[EXCERPTED RECORDS Boundary: Start]

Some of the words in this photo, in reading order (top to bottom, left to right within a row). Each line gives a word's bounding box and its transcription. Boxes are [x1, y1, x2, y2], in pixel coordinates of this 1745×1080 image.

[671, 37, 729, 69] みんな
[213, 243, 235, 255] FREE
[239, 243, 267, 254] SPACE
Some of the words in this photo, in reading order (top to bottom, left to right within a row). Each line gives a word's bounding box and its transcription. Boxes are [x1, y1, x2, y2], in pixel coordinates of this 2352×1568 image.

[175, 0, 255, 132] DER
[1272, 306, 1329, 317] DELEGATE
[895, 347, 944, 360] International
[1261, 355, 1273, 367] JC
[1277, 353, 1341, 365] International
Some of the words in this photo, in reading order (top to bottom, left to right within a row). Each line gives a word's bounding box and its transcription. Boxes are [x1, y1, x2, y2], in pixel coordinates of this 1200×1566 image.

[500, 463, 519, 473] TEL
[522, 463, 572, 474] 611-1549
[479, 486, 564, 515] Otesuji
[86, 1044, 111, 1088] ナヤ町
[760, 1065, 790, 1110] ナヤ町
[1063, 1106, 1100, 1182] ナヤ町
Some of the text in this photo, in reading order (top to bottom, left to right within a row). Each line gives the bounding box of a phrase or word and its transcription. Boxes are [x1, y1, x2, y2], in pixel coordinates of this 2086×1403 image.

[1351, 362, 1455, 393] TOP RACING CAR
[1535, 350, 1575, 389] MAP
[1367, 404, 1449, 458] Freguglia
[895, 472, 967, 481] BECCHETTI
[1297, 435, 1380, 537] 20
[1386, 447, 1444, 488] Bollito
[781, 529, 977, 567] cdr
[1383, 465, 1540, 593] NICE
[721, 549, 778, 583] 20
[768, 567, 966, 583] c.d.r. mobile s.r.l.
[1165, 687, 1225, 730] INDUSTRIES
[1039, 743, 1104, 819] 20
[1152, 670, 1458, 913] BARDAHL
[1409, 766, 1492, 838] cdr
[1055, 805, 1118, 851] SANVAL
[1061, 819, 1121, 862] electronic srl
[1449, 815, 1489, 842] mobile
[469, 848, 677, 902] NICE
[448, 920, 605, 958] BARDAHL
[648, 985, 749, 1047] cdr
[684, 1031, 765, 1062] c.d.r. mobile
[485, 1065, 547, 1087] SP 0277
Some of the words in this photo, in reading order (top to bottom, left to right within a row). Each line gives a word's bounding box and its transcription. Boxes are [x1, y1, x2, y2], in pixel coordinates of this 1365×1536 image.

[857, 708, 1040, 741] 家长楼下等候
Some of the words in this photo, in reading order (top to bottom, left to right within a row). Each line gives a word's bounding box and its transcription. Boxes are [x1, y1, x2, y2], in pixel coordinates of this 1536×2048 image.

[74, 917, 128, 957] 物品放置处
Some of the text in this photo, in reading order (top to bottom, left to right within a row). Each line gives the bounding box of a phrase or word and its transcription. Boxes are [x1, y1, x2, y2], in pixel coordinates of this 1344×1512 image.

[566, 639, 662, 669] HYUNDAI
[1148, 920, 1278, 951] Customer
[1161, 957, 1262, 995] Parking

[EXCERPTED RECORDS Boundary: End]

[TASK ITEM]: Every line of the data is to be printed again exactly.

[COMPLETED EXERCISE]:
Some of the words in this photo, in reading order (top to bottom, left to right within a row). Each line gives a word's bounding box and its transcription. Boxes are [x1, y1, x2, y2], in pixel coordinates of this 1745×1080 image.

[671, 37, 729, 69] みんな
[213, 243, 235, 255] FREE
[239, 243, 267, 254] SPACE
Some of the words in this photo, in reading order (top to bottom, left to right within a row). Each line gives a word's bounding box and its transcription. Boxes are [x1, y1, x2, y2], in pixel coordinates of this 2352×1568 image.

[175, 0, 255, 132] DER
[1272, 306, 1329, 317] DELEGATE
[895, 347, 944, 360] International
[1261, 355, 1273, 367] JC
[1277, 353, 1341, 365] International
Some of the words in this photo, in reading order (top to bottom, left to right within a row). Each line gives a word's bounding box and its transcription. Boxes are [x1, y1, x2, y2], in pixel coordinates of this 1200×1566 image.

[500, 463, 519, 473] TEL
[522, 463, 572, 474] 611-1549
[479, 486, 564, 515] Otesuji
[86, 1044, 111, 1088] ナヤ町
[760, 1065, 790, 1110] ナヤ町
[1063, 1106, 1100, 1182] ナヤ町
Some of the text in this photo, in reading order (top to bottom, left to right within a row). Each line gives the bounding box of a phrase or word and its transcription. Boxes are [x1, y1, x2, y2], in pixel coordinates of this 2086×1403 image.

[1351, 362, 1455, 393] TOP RACING CAR
[1535, 350, 1575, 389] MAP
[1367, 404, 1449, 458] Freguglia
[895, 472, 967, 481] BECCHETTI
[1297, 435, 1380, 537] 20
[1386, 447, 1444, 488] Bollito
[781, 529, 977, 567] cdr
[1383, 465, 1540, 593] NICE
[721, 549, 778, 583] 20
[768, 567, 966, 583] c.d.r. mobile s.r.l.
[1165, 687, 1225, 730] INDUSTRIES
[1039, 743, 1104, 819] 20
[1152, 670, 1458, 913] BARDAHL
[1409, 766, 1492, 838] cdr
[1055, 805, 1118, 851] SANVAL
[1061, 819, 1121, 862] electronic srl
[1449, 815, 1489, 842] mobile
[469, 848, 677, 902] NICE
[448, 920, 605, 958] BARDAHL
[648, 985, 749, 1047] cdr
[684, 1031, 765, 1062] c.d.r. mobile
[485, 1065, 547, 1087] SP 0277
Some of the words in this photo, in reading order (top to bottom, left to right within a row). Each line gives a word's bounding box and its transcription. Boxes are [x1, y1, x2, y2], in pixel coordinates of this 1365×1536 image.

[857, 708, 1040, 741] 家长楼下等候
Some of the words in this photo, in reading order (top to bottom, left to right within a row). Each line gives a word's bounding box and its transcription. Boxes are [x1, y1, x2, y2], in pixel coordinates of this 1536×2048 image.

[74, 917, 128, 957] 物品放置处
Some of the text in this photo, in reading order (top to bottom, left to right within a row). Each line gives the bounding box of a phrase or word and its transcription. Boxes are [x1, y1, x2, y2], in pixel coordinates of this 1344×1512 image.

[566, 639, 662, 669] HYUNDAI
[1148, 920, 1278, 951] Customer
[1161, 957, 1262, 995] Parking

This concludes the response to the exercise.